Callihan is likely derived from an Irish surname form related to Callahan, originally meaning descendant of Ceallach.
Callihan is a variant of Callahan, an Irish surname of distinguished antiquity, derived from the Gaelic Ceallachán — a diminutive of Ceallach, meaning "bright-headed," "lover of churches," or possibly relating to an old word for strife. The Callaghan sept was historically centered in Munster, in County Cork, and the name appears prominently in medieval Irish annals. Murchad Mac Ceallacháin was a ninth-century king of Munster, and the name has carried dynastic associations ever since.

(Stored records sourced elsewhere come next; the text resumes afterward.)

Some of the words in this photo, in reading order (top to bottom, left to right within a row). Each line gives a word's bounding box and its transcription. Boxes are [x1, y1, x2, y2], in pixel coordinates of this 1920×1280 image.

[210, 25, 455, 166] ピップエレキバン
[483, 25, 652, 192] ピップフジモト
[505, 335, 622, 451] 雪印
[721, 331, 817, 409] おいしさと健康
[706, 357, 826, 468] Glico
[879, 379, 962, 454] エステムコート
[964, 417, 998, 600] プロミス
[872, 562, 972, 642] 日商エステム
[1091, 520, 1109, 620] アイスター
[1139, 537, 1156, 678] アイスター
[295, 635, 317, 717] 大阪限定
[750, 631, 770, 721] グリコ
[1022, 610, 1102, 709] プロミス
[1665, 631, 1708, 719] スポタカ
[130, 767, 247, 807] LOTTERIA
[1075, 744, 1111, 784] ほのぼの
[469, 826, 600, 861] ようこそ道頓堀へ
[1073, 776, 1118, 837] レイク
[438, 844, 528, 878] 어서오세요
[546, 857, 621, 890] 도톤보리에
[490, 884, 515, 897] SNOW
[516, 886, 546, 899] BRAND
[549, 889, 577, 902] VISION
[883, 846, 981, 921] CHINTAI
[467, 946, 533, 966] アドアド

As surnames migrated to given names in the twentieth century — a trend accelerated in American naming culture — Callahan and its variants found new life as first names, particularly among families of Irish descent wishing to honor ancestry without using a common saint's name. The spelling Callihan softens the name slightly, shifting it from the blunt Irish-American masculine feel of Callahan toward something that reads as more gender-flexible, with the -han becoming -han, a small change that opens considerable perceptual space. In contemporary usage Callihan occupies the same fashionable territory as surnames-as-first-names like Sullivan, Brennan, and Finnegan — names that carry Celtic heritage with a modern edge.
Its four syllables give it a certain grandeur, and its nicknames are satisfying: Cal, Calli, Han. It suits an era in which parents want names that sound distinguished and old-world without being common, and Irish heritage remains one of the most beloved sources for that sensibility in English-speaking countries.